Democratic Left was formed after a split in the Workers' Party, which in turn had its origins in the 1970 split in Sinn Féin. Although never formally styled as a communist party, the Workers' Party had an internal organisation based on democratic centralism, strong links with the Soviet Union, and campaigned for socialist policies. The party gained support during the 1980s - a decade of cutbacks and hardship in Ireland - winning 7 TDs in the 1989 general election and 24 councillors in the 1991 local elections.

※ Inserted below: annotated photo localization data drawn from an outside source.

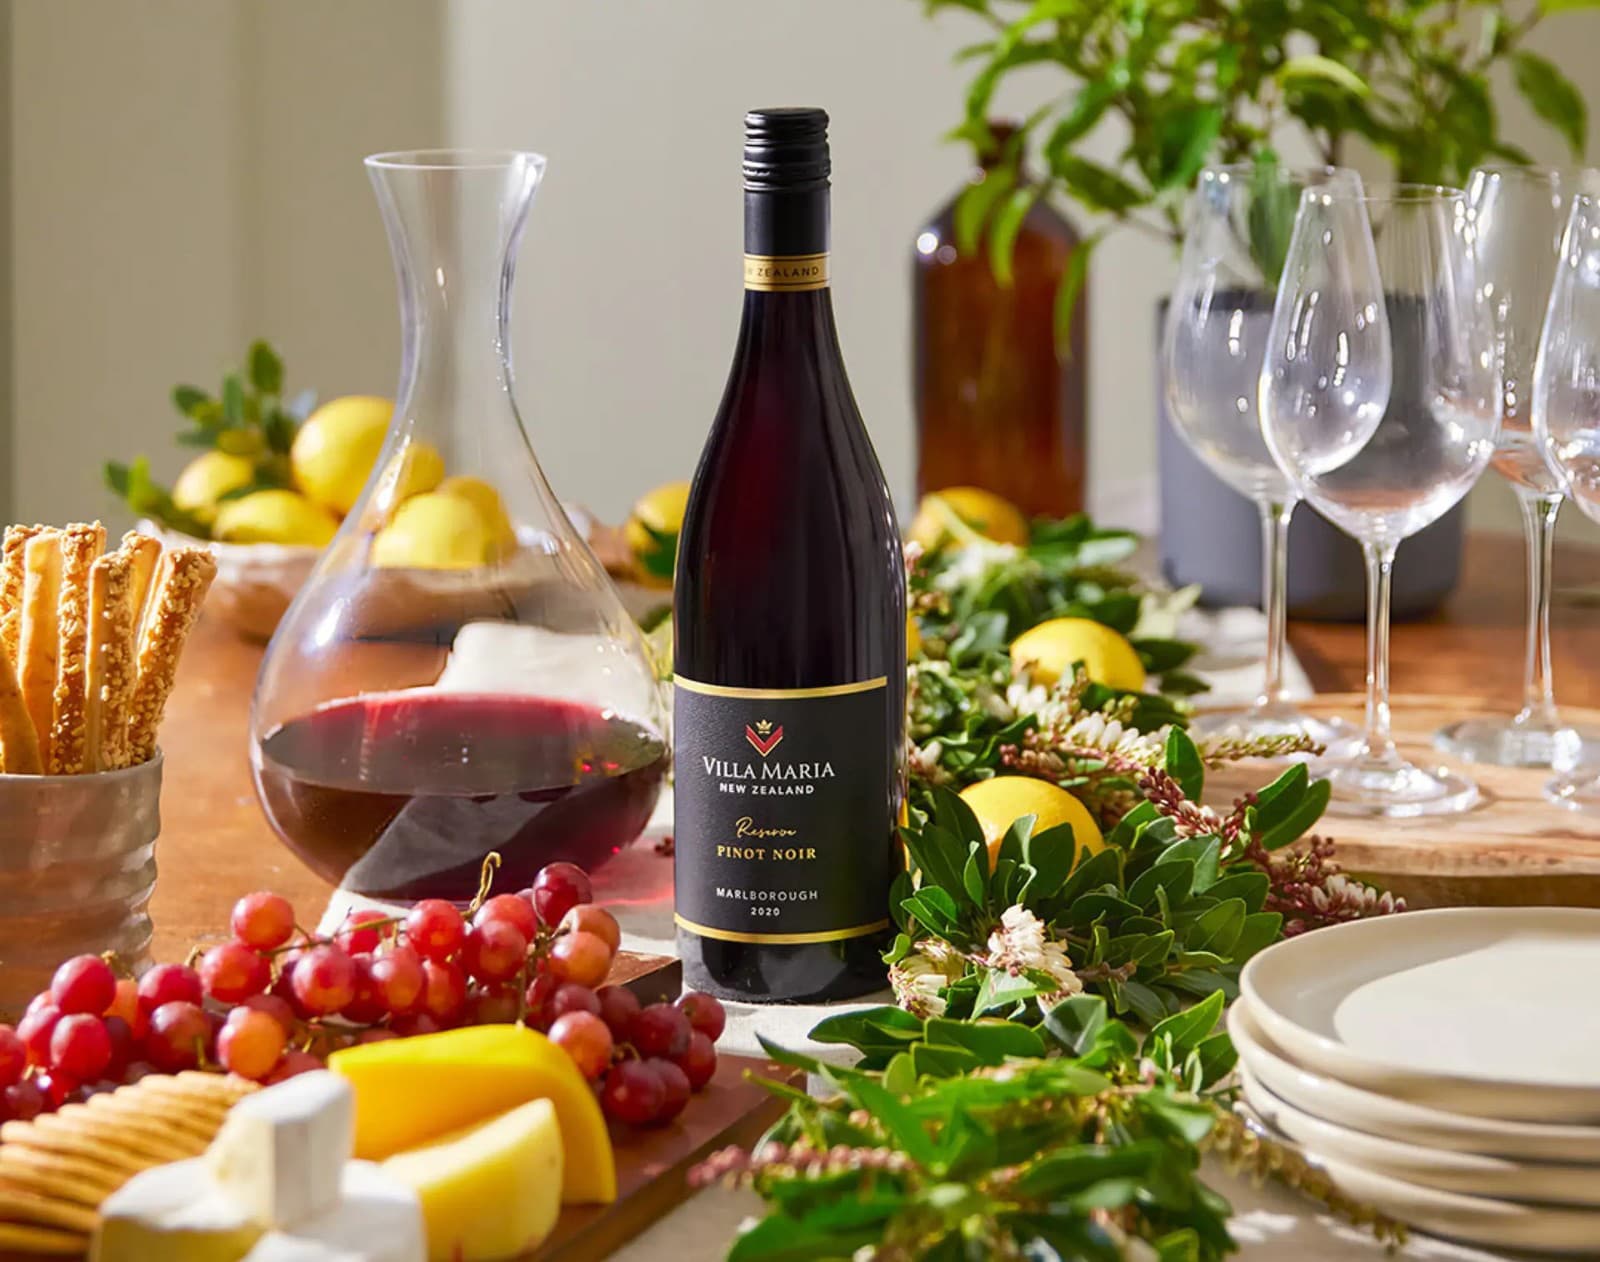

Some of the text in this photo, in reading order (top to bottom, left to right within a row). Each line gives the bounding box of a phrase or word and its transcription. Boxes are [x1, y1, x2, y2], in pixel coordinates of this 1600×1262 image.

[757, 266, 820, 278] ZEALAND
[719, 782, 815, 795] NEW ZEALAND
[735, 816, 797, 839] Reserve
[716, 845, 817, 860] PINOT NOIR
[715, 887, 818, 901] MARLBOROUGH
[750, 907, 780, 917] 2020

However between 1989 and 1992 the Workers' Party was beset by a number of problems. The collapse of communism in eastern Europe had put many Soviet-aligned parties on the defensive and had caused a number of them to reconsider their core ideological beliefs. A faction led by Proinsias De Rossa wanted to move the party towards an acceptance of free-market economics, viewing the party's Marxist stance as an obstacle to further electoral success. The party was languishing in opinion polls and there was increasing tension between the party's elected representatives such as De Rossa, Pat Rabbitte and Eamon Gilmore and another grouping involving activists and organisers on the party's Central Executive Committee, led by Sean Garland. Finally the broadcast of a BBC Spotlight programme in June 1991 had raised questions on the party's links to the Official IRA. The Official IRA had been on ceasefire since 1972 but was frequently accused of being involved in fund-raising robberies, money-laundering and other forms of criminality.

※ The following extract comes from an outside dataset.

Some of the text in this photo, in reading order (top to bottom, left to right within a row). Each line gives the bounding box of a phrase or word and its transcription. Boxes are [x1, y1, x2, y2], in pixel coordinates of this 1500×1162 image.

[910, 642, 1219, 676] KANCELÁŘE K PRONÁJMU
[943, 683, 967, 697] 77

On 15 February 1992, a special conference was held in Dún Laoghaire to reconstitute the party. Over the preceding two weeks there were clashes at a number of party meetings between supporters of De Rossa and Garland. A motion proposed by De Rossa and general secretary Des Geraghty sought to stand down the existing membership, elect an 11-member provisional executive council and make several other significant changes in party structures. Initially supporters believed that the motion would pass but it was defeated by 9 votes. After the announcement of the results, De Rossa told the delegates "You have your decision. I honestly believe it is a bad decision, but you have made it,". Both sides accused each other "packing votes".

==Formation==
After the conference it was clear a split was inevitable. At an Ard Chomhairle meeting held on 22 February in Wynns Hotel in Dublin City, six of the party's TDs resigned from the party along with more than half of the Ard Chomhairle. The members who left included the party leader Proinsias De Rossa and five more of the party's seven members of Dáil Éireann (Pat Rabbitte, Eamon Gilmore, Eric Byrne, Pat McCartan and Joe Sherlock). The party's president for most of the previous 30 years, Tomás Mac Giolla refused to join the breakaway and remained with the Workers' Party although he had reluctantly supported the constitutional amendments and had considered departing the party after the conference. The new party was provisionally named New Agenda with De Rossa becoming leader of the new party.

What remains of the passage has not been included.